Não é segredo que Brasil e China têm fechado diversas parcerias no campo tecnológico. Exemplo disso foi o anúncio do desenvolvimento de satélite para ampliar monitoramento climático. Segundo a Agência Gov, com a parceria, o “Brasil entrará em grupo seleto de menos de 10 países desenvolvedores dessa tecnologia. Com ele, o país alcançará a soberania de dados espaciais nas áreas meteorológica e ambiental, garantindo maior precisão na previsão do tempo e do clima”.
Diante da aproximação de Brasil e China, temos visto a extrema-direita brasileira caracterizar os acordos como criadores de “dependência” brasileira. O que poderia até parecer uma preocupação legítima com o Brasil, todavia, não passa de uma estratégia política para gerar medo na população.

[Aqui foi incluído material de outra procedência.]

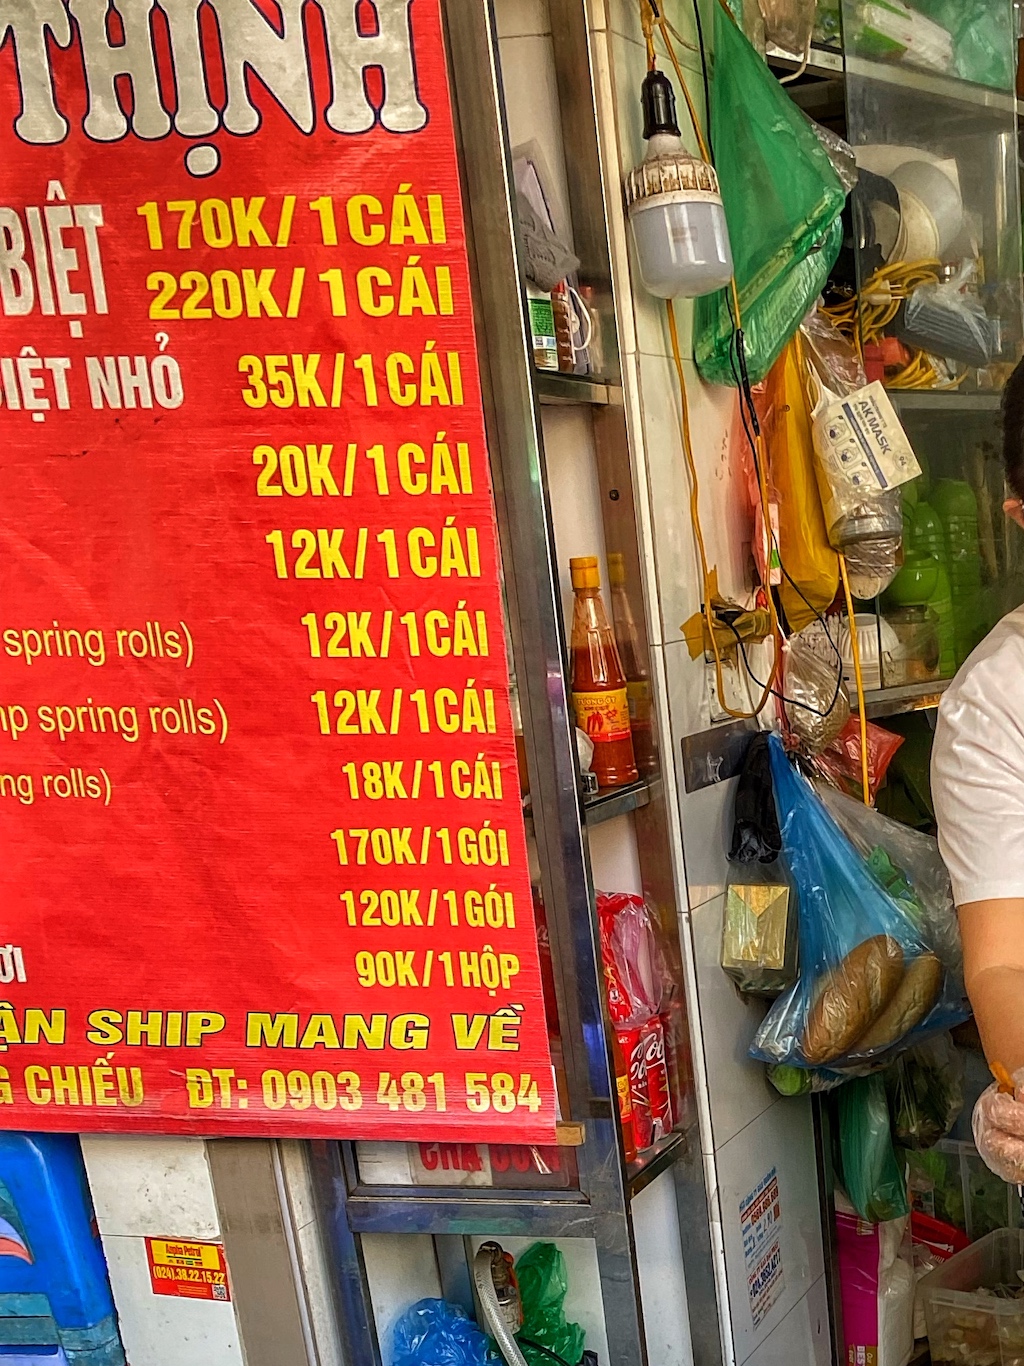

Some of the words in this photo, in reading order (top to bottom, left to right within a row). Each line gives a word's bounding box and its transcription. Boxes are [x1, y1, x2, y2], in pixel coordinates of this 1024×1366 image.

[0, 0, 429, 177] THỊNH
[0, 180, 109, 338] BIỆT
[85, 332, 184, 410] NHỎ
[867, 417, 892, 455] MASK
[3, 621, 106, 667] spring
[116, 620, 194, 668] rolls)
[37, 697, 140, 744] spring
[148, 698, 229, 744] rolls)
[42, 767, 112, 806] rolls)
[87, 1009, 225, 1047] SHIP
[246, 1012, 430, 1051] MANG
[453, 1003, 524, 1051] VỀ
[24, 1051, 144, 1108] CHIẾU
[186, 1068, 249, 1109] ĐT:
[261, 1069, 363, 1112] 0903
[376, 1071, 449, 1113] 481
[464, 1072, 542, 1113] 584

O primeiro grande cinismo desta caracterização está no fato de que a crítica, em geral, vem da extrema-direita brasileira, que é completamente subserviente ao Estados Unidos. Prova disso é que no último 7 setembro os falsos “patriotas” exibiram uma bandeira gigantesca dos EUA, escancarando a servidão aos seus mestres gringos. Inúmeras foram as vezes que seus representantes bateram continência para o “Tio Sam”. Como fica evidente, estes não querem o melhor para o Brasil, estão em busca de trair seu povo em troca das novas moedas de César: os dólares.
O segundo está no fato de que os mesmos amantes dos EUA e “temerosos” da China ignoram o histórico de subordinação do Brasil aos Estados Unidos, que, durante quase um século, falhou em transferir tecnologia estratégica (como a nuclear) e cujo maior resultado político para o Brasil foi o apoio dos Estados Unidos à desastrosa Ditadura Militar de 1964.
Olhando assim fica fácil entender que a “falha” nunca esteve nas parcerias do Brasil, seja com A ou B, mas no comportamento sabujo das lideranças da época. Um bom exemplo disso é o embaixador brasileiro em Washington, Juracy Magalhães, que dizia “O que é bom para os Estados Unidos é bom para o Brasil”. Com o Brasil sentado à mesa como igual e buscando seus interesses, aí a coisa muda, e certamente o Brasil obterá ganhos.
Observando a parceria Brasil-China, até o momento a China se apresenta como um parceiro estratégico focado na capacitação mútua. Iniciativas concretas como o Programa CBERS, com seus seis satélites em órbita, garantem autonomia no monitoramento ambiental. Mais recentemente, o Memorando de Entendimento para o Centro de Transferência de Tecnologia China-Brasil e os projetos em Inteligência Artificial (IA) e computação quântica demonstram um compromisso explícito com o desenvolvimento e a diversificação da pauta produtiva.
A aposta no avanço tecnológico, especialmente na área de TI, é o motor para a autonomia. O aprofundamento da cooperação em IA, onde o Brasil já é um dos maiores usuários do mundo, não apenas fortalece o setor de software nacional, como também impulsiona a exportação de serviços de alto valor agregado. Essa diversificação da pauta exportadora é o caminho para melhorar a condição de vida e as oportunidades dos trabalhadores. A parceria Sul-Sul é a via real para o Brasil superar a dependência de commodities e construir o seu “território digital soberano”.
Como se vê, a luta pela soberania nacional travada pelo Brasil, hoje, não se resume apenas à economia. Ela se estende ao campo digital e, principalmente, tecnológico. Um exemplo recente, do “apagão” nas contas de Jones Manoel, revertido apenas após solidariedade, expõe o viés perigoso da Meta. Enquanto a voz progressista é silenciada, a plataforma permite a viralização da desinformação da extrema-direita, atuando como um árbitro político que interfere diretamente na política interna do País [ler mais em: toques & dados 14/08/2025 Matéria O VIÉS DA META…]. Não somos apenas consumidores de dados, somos reféns da geopolítica das Big Techs americanas, que desrespeitam nossa jurisdição no que deveria ser nosso “território digital” soberano [ler mais em: toques & dados 24/09/2025 Matéria Território digital soberano].
A luta contra o monopólio das Big Techs e a consolidação do eixo Brasil-China são, portanto, faces da mesma batalha pela autonomia e pelo desenvolvimento nacional.